──────── Available data ────────

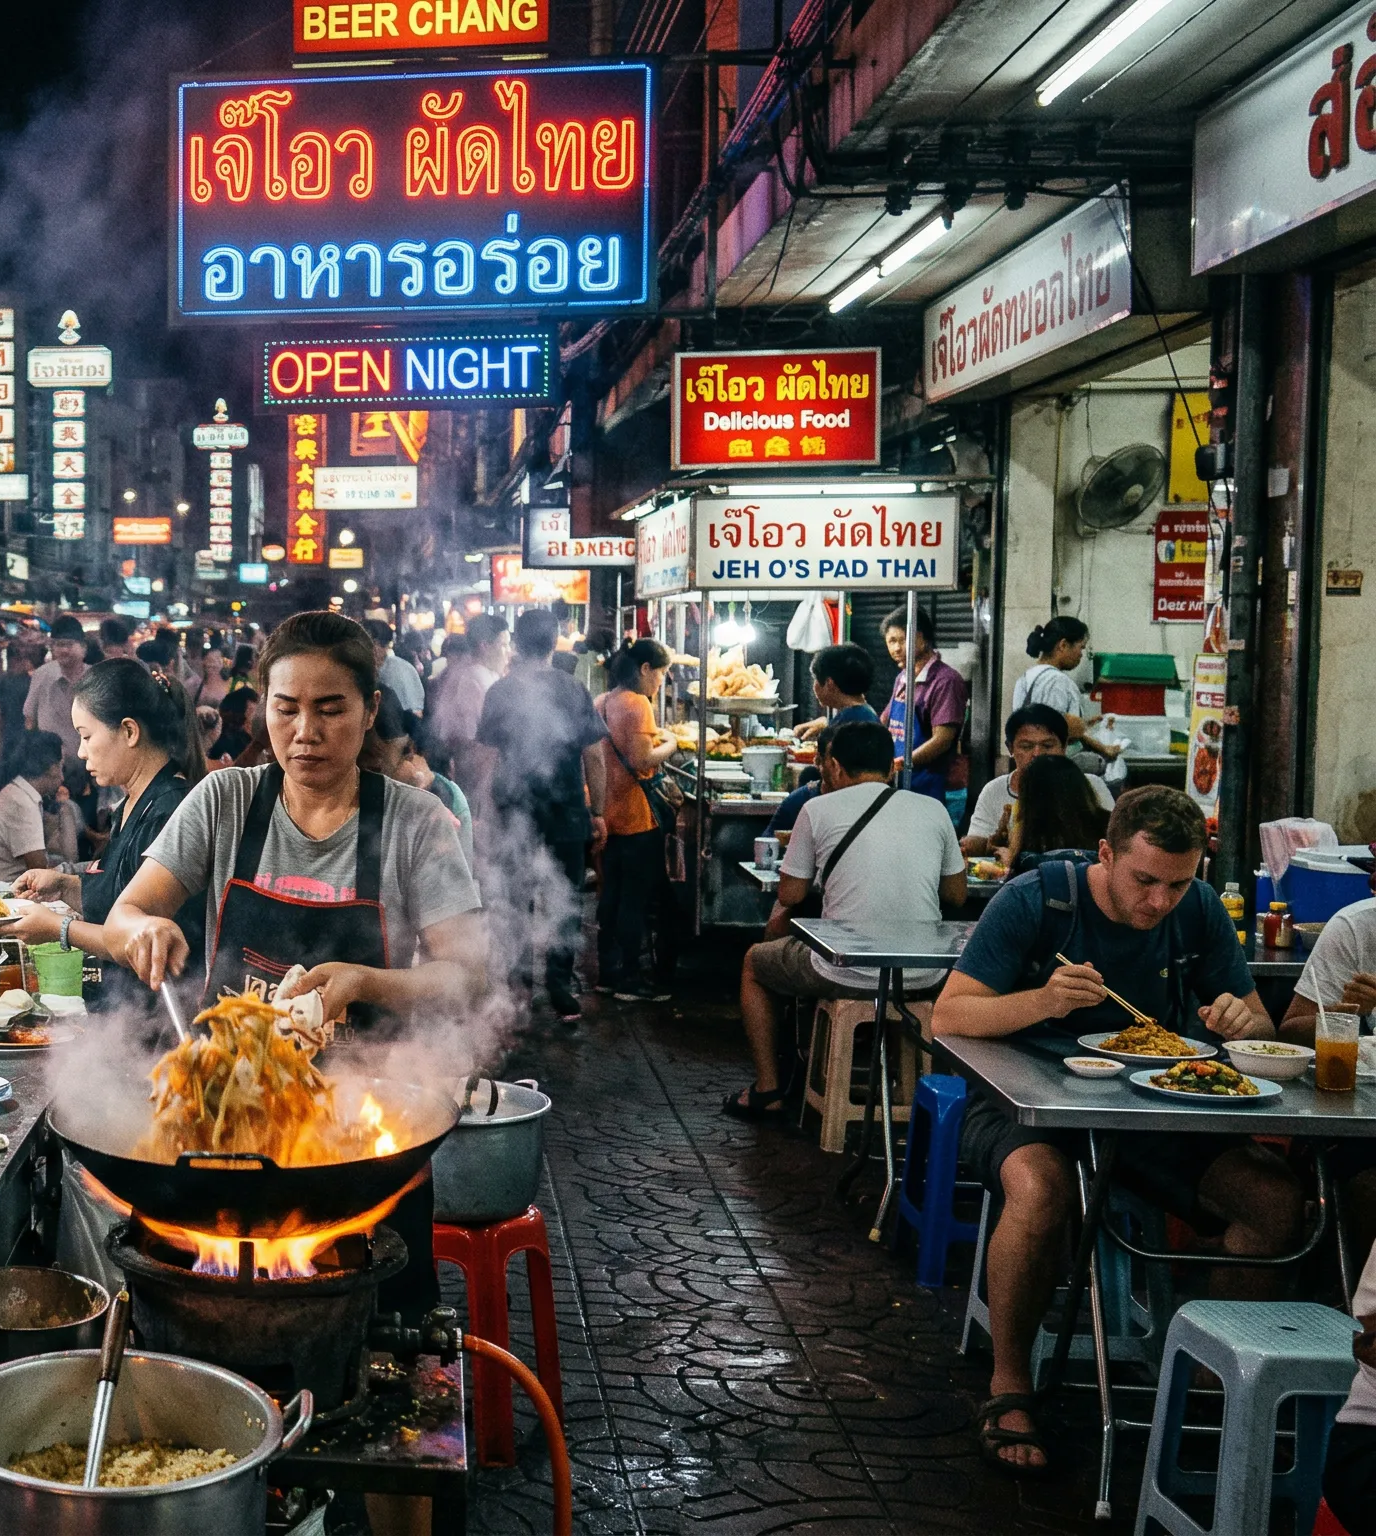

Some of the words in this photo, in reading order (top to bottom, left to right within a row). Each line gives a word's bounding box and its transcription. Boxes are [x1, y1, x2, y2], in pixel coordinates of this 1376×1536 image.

[303, 2, 399, 41] BEER
[409, 0, 538, 36] CHANG
[190, 90, 374, 203] เจ๊โอว
[405, 80, 636, 196] ผัดไทย
[202, 212, 622, 302] อาหารอร่อย
[270, 349, 391, 394] OPEN
[405, 345, 540, 390] NIGHT
[776, 359, 870, 401] ผัดไทย
[703, 410, 794, 431] Delicious
[800, 408, 850, 429] Food
[708, 505, 806, 548] เจ๊โอว
[824, 505, 943, 547] ผัดไทย
[712, 559, 760, 579] JEH
[768, 559, 810, 579] O'S
[819, 558, 869, 579] PAD
[877, 558, 936, 579] THAI
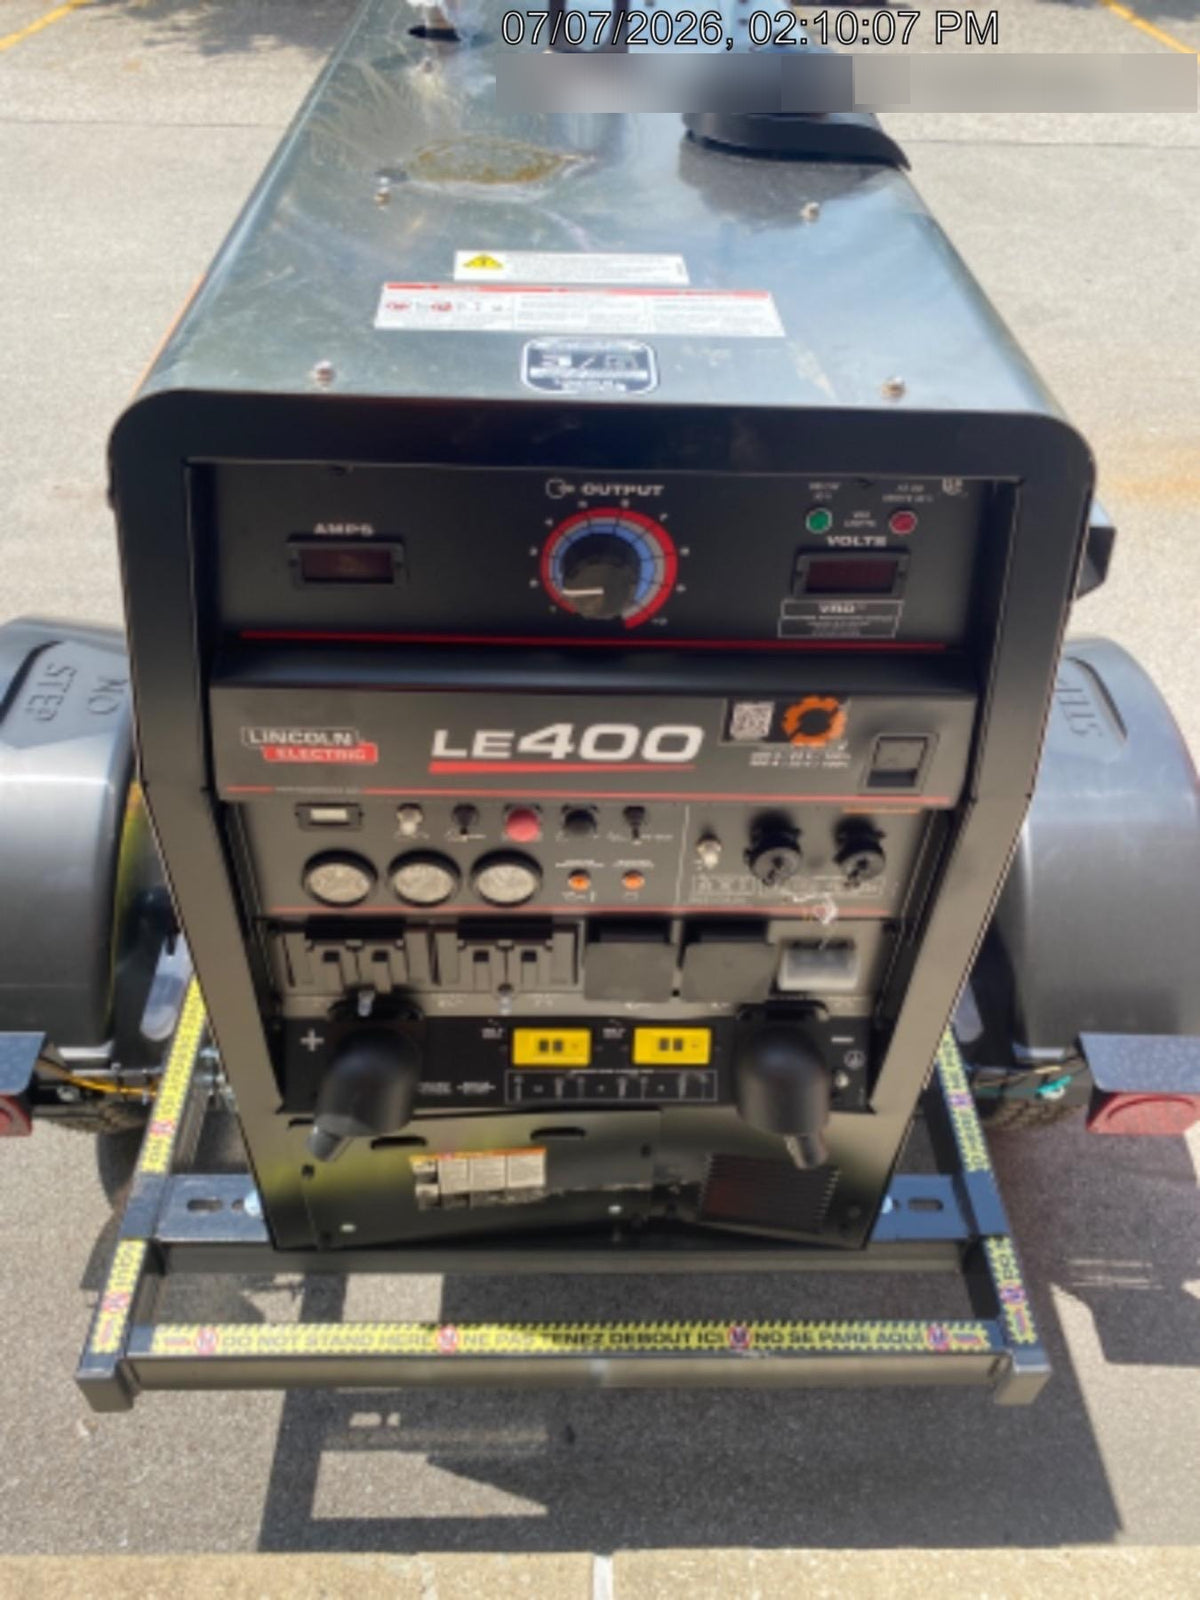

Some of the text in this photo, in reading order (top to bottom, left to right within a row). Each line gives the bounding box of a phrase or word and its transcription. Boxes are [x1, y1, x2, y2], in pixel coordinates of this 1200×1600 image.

[581, 484, 664, 496] OUTPUT
[313, 523, 374, 536] AMPS
[827, 535, 887, 547] VOLTS
[24, 662, 77, 722] STEP
[87, 676, 129, 715] NO
[250, 730, 352, 745] LINCOLN
[431, 723, 704, 763] LE400
[275, 748, 366, 760] ELECTRIC
[258, 1334, 297, 1346] NOT
[306, 1333, 373, 1347] STAND
[380, 1333, 432, 1347] HERE
[463, 1333, 491, 1346] NE
[496, 1333, 536, 1346] PAS
[539, 1332, 603, 1346] TENEZ
[608, 1332, 692, 1345] DEBOUT
[697, 1332, 725, 1345] ICI
[754, 1332, 784, 1344] NO
[790, 1332, 812, 1344] SE
[818, 1332, 869, 1344] PARE

────────

- Your assignment -
Make an exact copy of the listing, with no images in it.

- Solution for this task -
Some of the words in this photo, in reading order (top to bottom, left to right within a row). Each line gives a word's bounding box and its transcription. Boxes are [x1, y1, x2, y2], in pixel coordinates of this 1376×1536 image.

[303, 2, 399, 41] BEER
[409, 0, 538, 36] CHANG
[190, 90, 374, 203] เจ๊โอว
[405, 80, 636, 196] ผัดไทย
[202, 212, 622, 302] อาหารอร่อย
[270, 349, 391, 394] OPEN
[405, 345, 540, 390] NIGHT
[776, 359, 870, 401] ผัดไทย
[703, 410, 794, 431] Delicious
[800, 408, 850, 429] Food
[708, 505, 806, 548] เจ๊โอว
[824, 505, 943, 547] ผัดไทย
[712, 559, 760, 579] JEH
[768, 559, 810, 579] O'S
[819, 558, 869, 579] PAD
[877, 558, 936, 579] THAI

Some of the text in this photo, in reading order (top to bottom, left to right within a row). Each line gives the bounding box of a phrase or word and its transcription. Boxes are [x1, y1, x2, y2], in pixel coordinates of this 1200×1600 image.

[581, 484, 664, 496] OUTPUT
[313, 523, 374, 536] AMPS
[827, 535, 887, 547] VOLTS
[24, 662, 77, 722] STEP
[87, 676, 129, 715] NO
[250, 730, 352, 745] LINCOLN
[431, 723, 704, 763] LE400
[275, 748, 366, 760] ELECTRIC
[258, 1334, 297, 1346] NOT
[306, 1333, 373, 1347] STAND
[380, 1333, 432, 1347] HERE
[463, 1333, 491, 1346] NE
[496, 1333, 536, 1346] PAS
[539, 1332, 603, 1346] TENEZ
[608, 1332, 692, 1345] DEBOUT
[697, 1332, 725, 1345] ICI
[754, 1332, 784, 1344] NO
[790, 1332, 812, 1344] SE
[818, 1332, 869, 1344] PARE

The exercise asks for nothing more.